▸ Data to examine
__________________________________________________
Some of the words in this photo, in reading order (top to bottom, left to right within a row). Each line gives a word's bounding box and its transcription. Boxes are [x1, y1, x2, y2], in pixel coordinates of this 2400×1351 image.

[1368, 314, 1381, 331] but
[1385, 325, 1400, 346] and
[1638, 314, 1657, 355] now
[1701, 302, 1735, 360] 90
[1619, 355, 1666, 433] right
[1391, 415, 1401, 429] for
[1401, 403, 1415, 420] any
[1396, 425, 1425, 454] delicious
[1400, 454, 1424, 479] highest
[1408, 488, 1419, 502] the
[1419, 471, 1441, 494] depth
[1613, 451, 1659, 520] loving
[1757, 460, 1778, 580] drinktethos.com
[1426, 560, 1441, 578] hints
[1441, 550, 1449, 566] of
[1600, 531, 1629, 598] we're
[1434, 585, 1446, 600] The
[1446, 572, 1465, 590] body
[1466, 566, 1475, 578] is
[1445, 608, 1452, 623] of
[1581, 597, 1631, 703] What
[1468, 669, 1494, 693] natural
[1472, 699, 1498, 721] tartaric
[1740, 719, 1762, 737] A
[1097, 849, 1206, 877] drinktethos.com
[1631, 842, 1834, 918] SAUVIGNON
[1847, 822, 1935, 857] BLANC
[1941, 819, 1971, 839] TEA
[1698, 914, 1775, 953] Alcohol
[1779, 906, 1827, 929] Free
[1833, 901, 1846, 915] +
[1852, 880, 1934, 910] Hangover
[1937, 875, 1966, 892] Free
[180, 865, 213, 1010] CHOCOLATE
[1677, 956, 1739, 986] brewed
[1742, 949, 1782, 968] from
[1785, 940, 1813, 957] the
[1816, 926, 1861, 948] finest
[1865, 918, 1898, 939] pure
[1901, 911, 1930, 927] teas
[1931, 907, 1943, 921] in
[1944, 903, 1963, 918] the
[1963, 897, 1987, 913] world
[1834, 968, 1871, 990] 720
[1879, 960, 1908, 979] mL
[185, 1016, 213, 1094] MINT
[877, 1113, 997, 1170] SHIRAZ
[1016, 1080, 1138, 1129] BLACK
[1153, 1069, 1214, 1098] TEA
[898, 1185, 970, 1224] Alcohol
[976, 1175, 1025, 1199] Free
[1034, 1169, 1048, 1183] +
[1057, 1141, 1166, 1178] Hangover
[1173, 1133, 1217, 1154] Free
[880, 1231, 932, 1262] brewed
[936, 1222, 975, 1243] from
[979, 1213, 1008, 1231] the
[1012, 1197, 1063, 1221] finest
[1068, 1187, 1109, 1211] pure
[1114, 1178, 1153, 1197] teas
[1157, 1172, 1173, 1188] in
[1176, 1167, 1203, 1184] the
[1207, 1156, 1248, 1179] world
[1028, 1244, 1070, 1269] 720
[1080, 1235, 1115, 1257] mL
__________________________________________________
Each record is to be reproduced exactly as it appears.

Some of the words in this photo, in reading order (top to bottom, left to right within a row). Each line gives a word's bounding box and its transcription. Boxes are [x1, y1, x2, y2], in pixel coordinates of this 2400×1351 image.

[1368, 314, 1381, 331] but
[1385, 325, 1400, 346] and
[1638, 314, 1657, 355] now
[1701, 302, 1735, 360] 90
[1619, 355, 1666, 433] right
[1391, 415, 1401, 429] for
[1401, 403, 1415, 420] any
[1396, 425, 1425, 454] delicious
[1400, 454, 1424, 479] highest
[1408, 488, 1419, 502] the
[1419, 471, 1441, 494] depth
[1613, 451, 1659, 520] loving
[1757, 460, 1778, 580] drinktethos.com
[1426, 560, 1441, 578] hints
[1441, 550, 1449, 566] of
[1600, 531, 1629, 598] we're
[1434, 585, 1446, 600] The
[1446, 572, 1465, 590] body
[1466, 566, 1475, 578] is
[1445, 608, 1452, 623] of
[1581, 597, 1631, 703] What
[1468, 669, 1494, 693] natural
[1472, 699, 1498, 721] tartaric
[1740, 719, 1762, 737] A
[1097, 849, 1206, 877] drinktethos.com
[1631, 842, 1834, 918] SAUVIGNON
[1847, 822, 1935, 857] BLANC
[1941, 819, 1971, 839] TEA
[1698, 914, 1775, 953] Alcohol
[1779, 906, 1827, 929] Free
[1833, 901, 1846, 915] +
[1852, 880, 1934, 910] Hangover
[1937, 875, 1966, 892] Free
[180, 865, 213, 1010] CHOCOLATE
[1677, 956, 1739, 986] brewed
[1742, 949, 1782, 968] from
[1785, 940, 1813, 957] the
[1816, 926, 1861, 948] finest
[1865, 918, 1898, 939] pure
[1901, 911, 1930, 927] teas
[1931, 907, 1943, 921] in
[1944, 903, 1963, 918] the
[1963, 897, 1987, 913] world
[1834, 968, 1871, 990] 720
[1879, 960, 1908, 979] mL
[185, 1016, 213, 1094] MINT
[877, 1113, 997, 1170] SHIRAZ
[1016, 1080, 1138, 1129] BLACK
[1153, 1069, 1214, 1098] TEA
[898, 1185, 970, 1224] Alcohol
[976, 1175, 1025, 1199] Free
[1034, 1169, 1048, 1183] +
[1057, 1141, 1166, 1178] Hangover
[1173, 1133, 1217, 1154] Free
[880, 1231, 932, 1262] brewed
[936, 1222, 975, 1243] from
[979, 1213, 1008, 1231] the
[1012, 1197, 1063, 1221] finest
[1068, 1187, 1109, 1211] pure
[1114, 1178, 1153, 1197] teas
[1157, 1172, 1173, 1188] in
[1176, 1167, 1203, 1184] the
[1207, 1156, 1248, 1179] world
[1028, 1244, 1070, 1269] 720
[1080, 1235, 1115, 1257] mL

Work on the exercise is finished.